** Work instruction **
Would you copy the records exactly, leaving the pictures out?

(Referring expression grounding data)
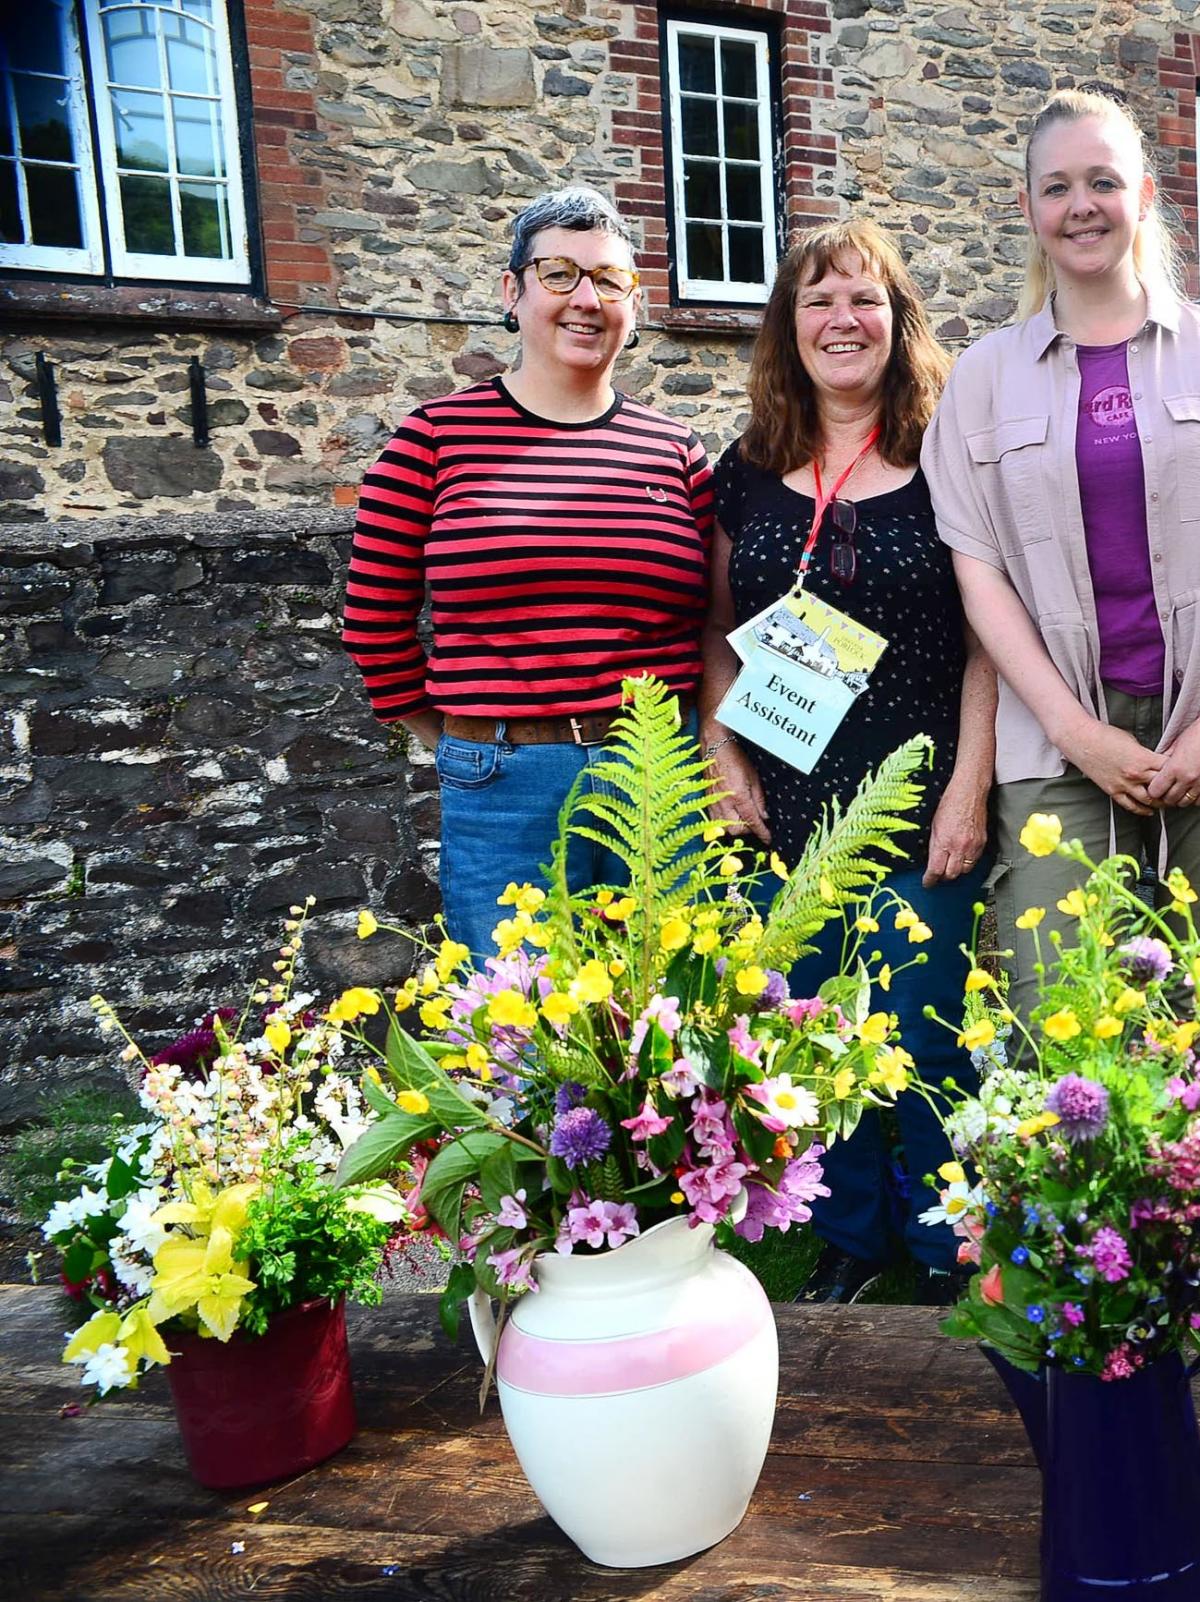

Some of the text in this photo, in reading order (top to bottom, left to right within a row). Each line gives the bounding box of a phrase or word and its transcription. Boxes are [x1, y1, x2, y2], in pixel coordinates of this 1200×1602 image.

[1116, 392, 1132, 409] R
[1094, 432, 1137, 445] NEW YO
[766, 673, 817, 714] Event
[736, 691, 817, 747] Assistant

** Exercise solution **
Some of the text in this photo, in reading order (top to bottom, left to right within a row). Each line gives the bounding box of a phrase or word and its transcription. Boxes are [x1, y1, x2, y2], in pixel coordinates of this 1200×1602 image.

[1116, 392, 1132, 409] R
[1094, 432, 1137, 445] NEW YO
[766, 673, 817, 714] Event
[736, 691, 817, 747] Assistant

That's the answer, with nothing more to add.